Abuse is all about control.

Abuse happens when one person believes they have power over another and exercises that power.

Abuse is not only physical. It can be psychological, spiritual, verbal, emotional, financial, and sexual for starters. Domestic violence is a result of the abusive mindset and the behaviors associated with that belief.

According to The Crisis Center, an organization dedicated to ending domestic violence in the lives of all people and empowering those victims of abuse, “domestic violence is a pattern of behavior used to establish power and control over another person through fear and intimidation, often including the threat or use of violence. Domestic violence happens when one person believes they are entitled to control another. Assault, battering, and domestic violence are crimes.”

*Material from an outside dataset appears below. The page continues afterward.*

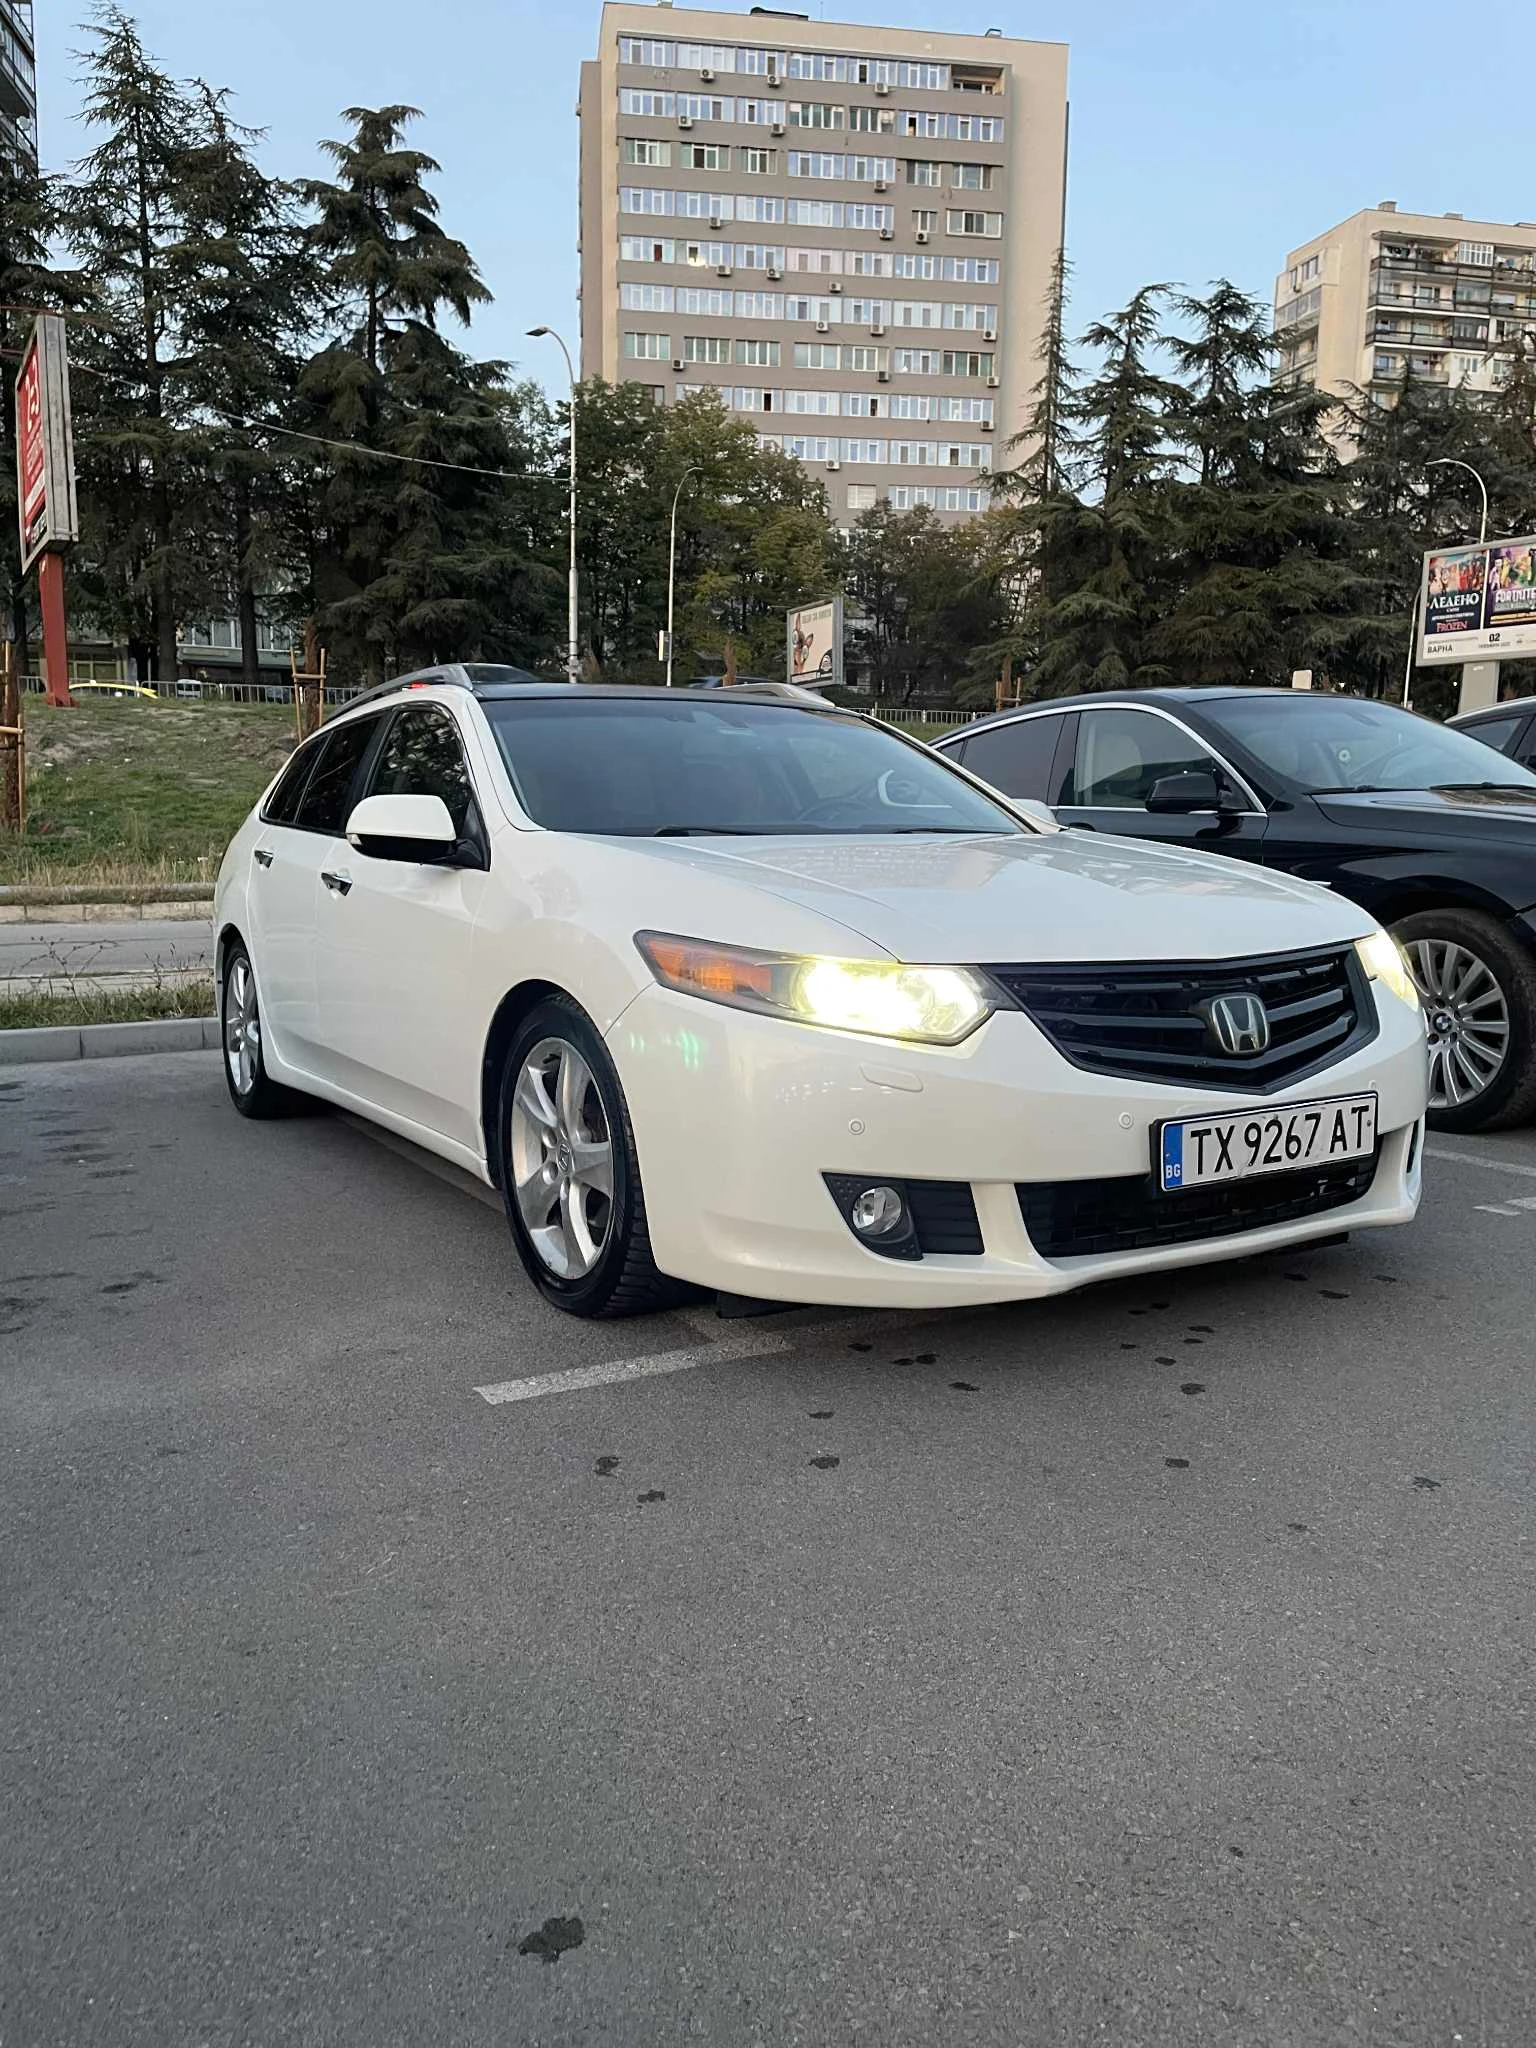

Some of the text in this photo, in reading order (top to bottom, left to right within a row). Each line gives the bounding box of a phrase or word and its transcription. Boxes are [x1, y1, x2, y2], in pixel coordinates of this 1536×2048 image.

How do you know if you are being abused or have been abused?

Here are some examples of abuse:

  • If you have been coerced or manipulated into doing something you did not want to do, you have been emotionally abused.
  • If you are afraid of your partner and feel like you have to “walk on eggshells” to not anger them, you have experienced psychological abuse.
  • If you have been pushed into a corner, you have been physically abused.
  • If you have been called a name, you have been verbally abused.
  • If you have been held against your will or made to do anything because of your partner’s religious beliefs, you have been abused.
  • If your significant other has punched you in the face, you have been physically abused.
  • If you were forced to have sex without your consent, you have been sexually abused.
  • If you are in an intimate relationship where you are not “allowed” to have or spend money, you are in a financially abusive relationship.
  • If you have been made to feel that if you do not do something or give something you will “pay,” you have been psychologically abused.
  • If you feel deflated, always tired, confused, depressed, scared to make a decision for yourself or feel like you are losing your mind, you might be in an abusive relationship.
  • If you think you are being abused in any way, you probably are.
A couple having an argument with the man grabbing the woman's coat

If you are experiencing at least three or more of the above examples of abuse, chances are high that you are in an abusive relationship or situation. You are not alone!

Please contact The Crisis Center for confidential and compassionate assistance. There is no charge to speak to a counselor, and they are open 24 hours, 7 days per week. 1-888-247-7472.

 There is only one YOU. Get help before it is too late! 

Posted by:Vilma Reynoso

Vilma Reynoso, aka Vilms, is a writer, gardening aficionado, and whole-food enthusiast who writes about the human experience, human rights, self-growth, and various subjects. Her passion is to inspire others to live their best lives for a kinder, more compassionate world. To learn more about Vilma, visit her website, www.vilmareynoso.com.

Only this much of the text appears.